Vereinbart war auch eine Betriebspflicht für das Hotel. Und ebenso, dass die Pächterin den Hotelbetrieb an die Verpächterin retournieren müsse, sollte der Pachtvertrag vorzeitig enden.
Gestritten wurde dann darüber, wie der Bestandvertrag zu qualifizieren sei. Die Bestandnehmerin meinte, es handle sich nicht um Pacht, sondern lediglich um einen (Unter-)Mietvertrag über die Geschäftsräumlichkeiten. Schließlich habe sie ja die Rechte am Hotelbetrieb separat „gekauft“.
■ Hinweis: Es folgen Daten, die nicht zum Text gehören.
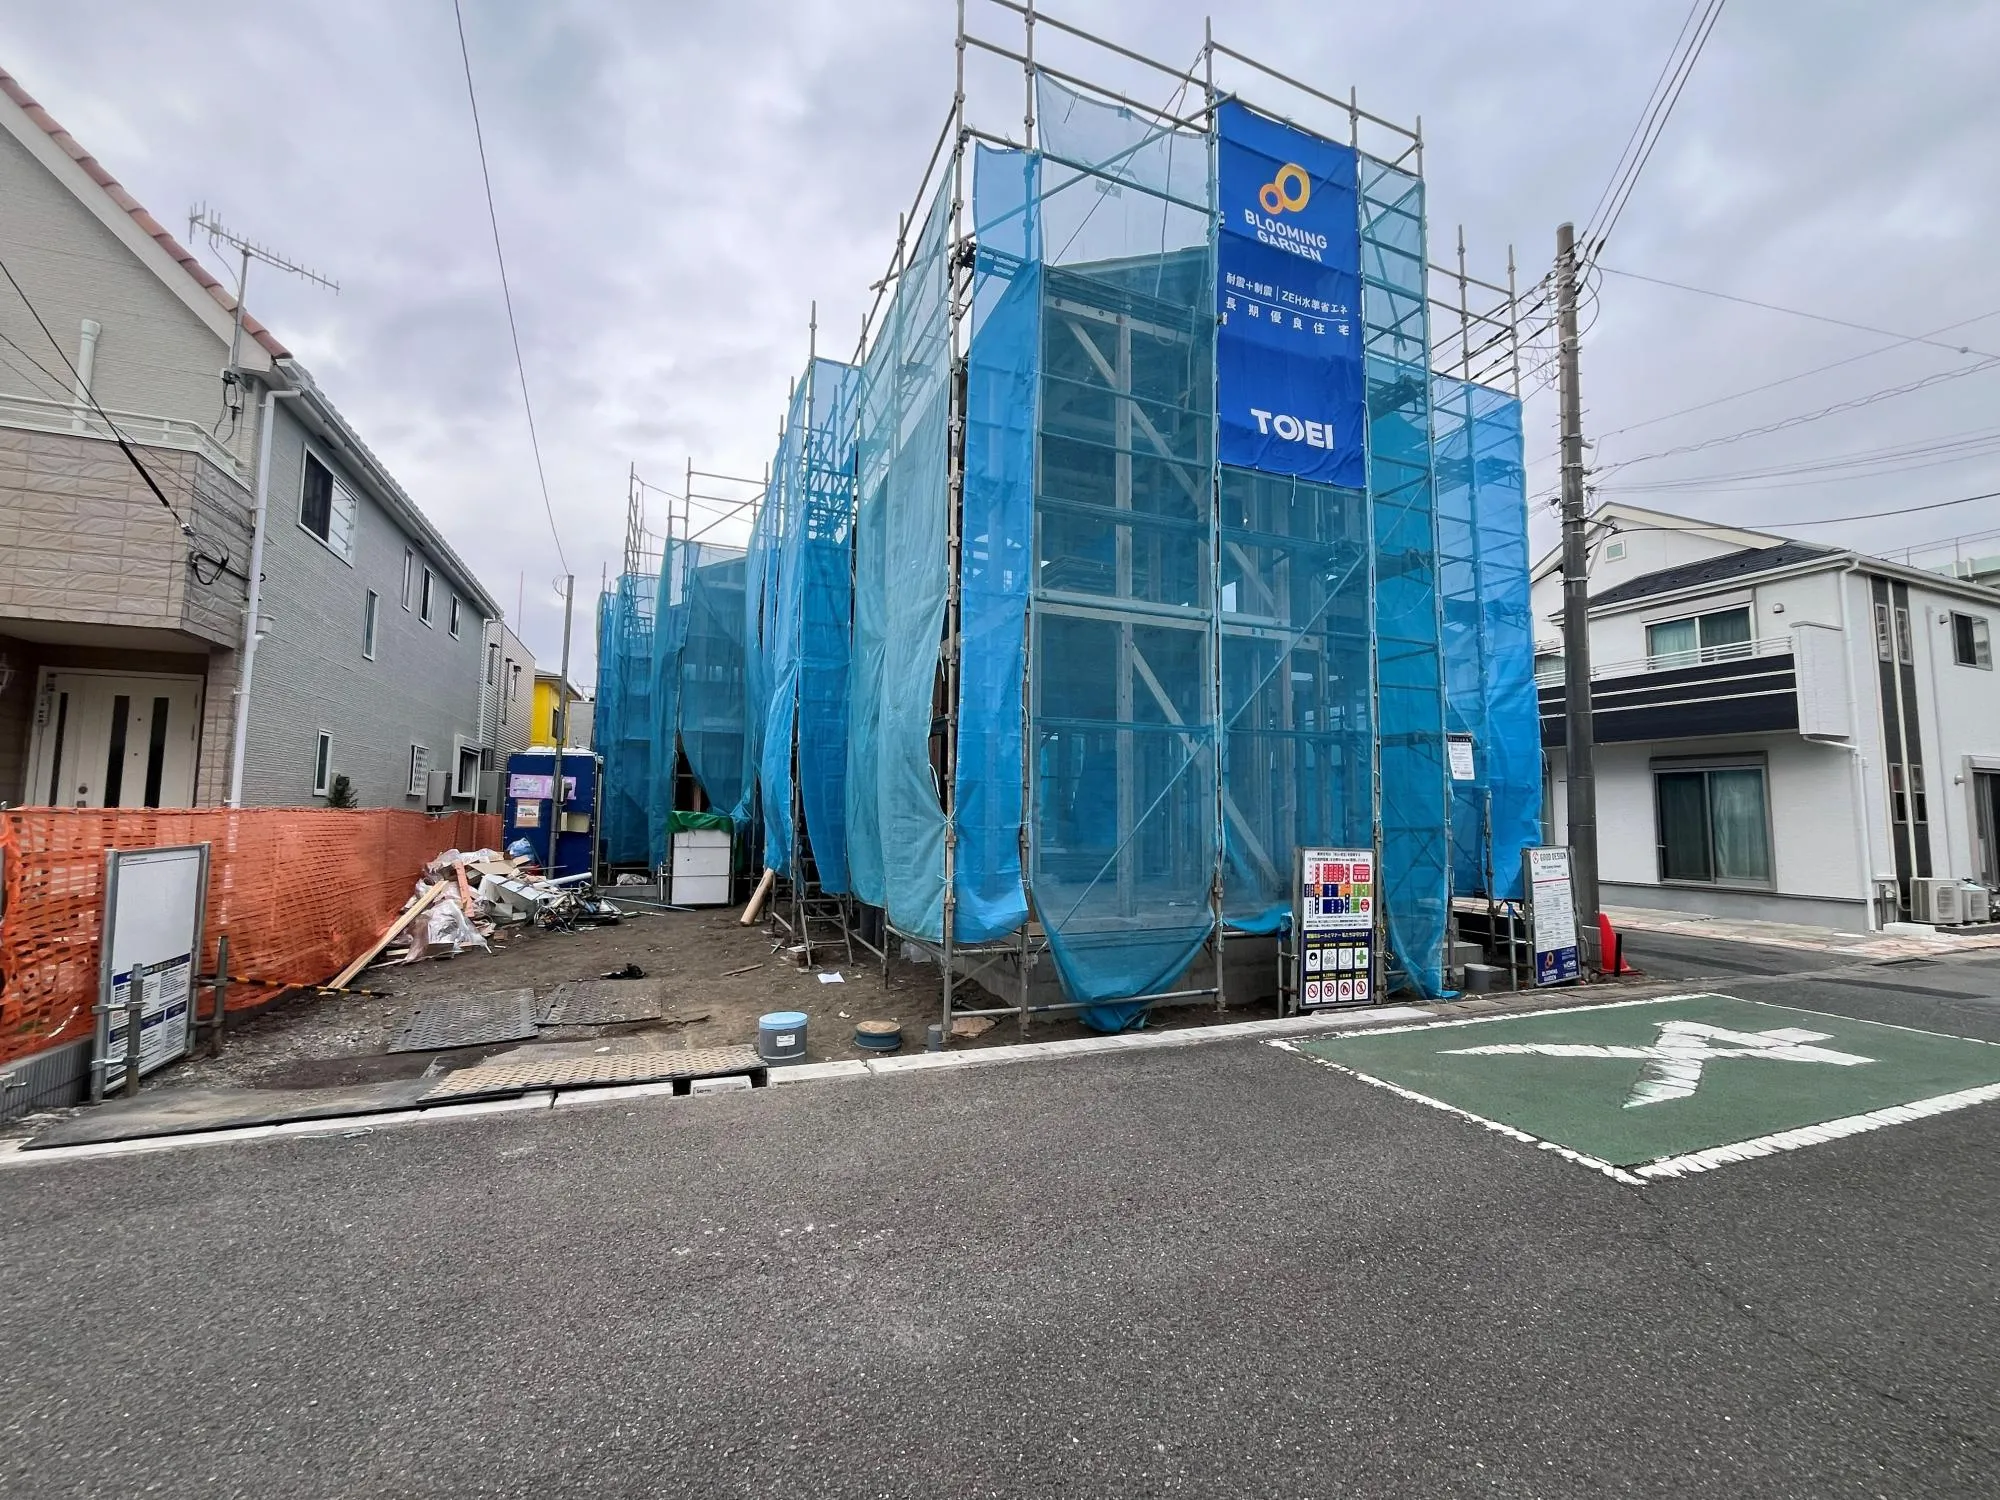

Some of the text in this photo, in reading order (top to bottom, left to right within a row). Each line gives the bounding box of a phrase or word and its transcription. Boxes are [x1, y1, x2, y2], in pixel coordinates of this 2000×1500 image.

Vor Gericht setzte sie sich damit jedoch nicht durch. Das Berufungsgericht kam zum Schluss, es liege trotz allem ein einheitliches Rechtsgeschäft vor, das überwiegend Elemente einer Unternehmenspacht aufweise.
Ist nach Vertragsablauf ein Weiterbetrieb möglich?
Und dabei blieb es auch, der OGH wies die außerordentliche Revision der Bestandnehmerin zurück. Ein wesentliches Kriterium für das Vorliegen von Pacht ist es demnach, dass die Verpächterin die Möglichkeit hat, das von ihr aufgebaute Unternehmen bei Beendigung des Pachtverhältnisses wieder selbst weiterzuführen. Im konkreten Fall wurde das im Ergebnis bejaht. Auch dass die Verpflichtung, ein lebendes Unternehmen zu retournieren, nur für den Fall eines vorzeitigen Vertragsendes ausdrücklich festgeschrieben war, änderte daran letztlich nichts. Immerhin habe die Verpächterin die Markenrechte behalten, und alles in allem sei vertraglich sichergestellt, dass sie ihren Betrieb in einem Zustand zurückerhalten werde, der ihr eine Fortführung ermögliche, heißt es sinngemäß in der Entscheidung.
Dass es ganz wesentlich auf die Rückstellung eines lebenden Unternehmens ankommt, dürfte nun auch für andere Zweifelsfälle richtungsweisend sein. Bleibt zu hoffen, dass die Abgrenzung zwischen Geschäftsraummiete und Unternehmenspacht durch diese Klarstellung um einen Tick einfacher wird.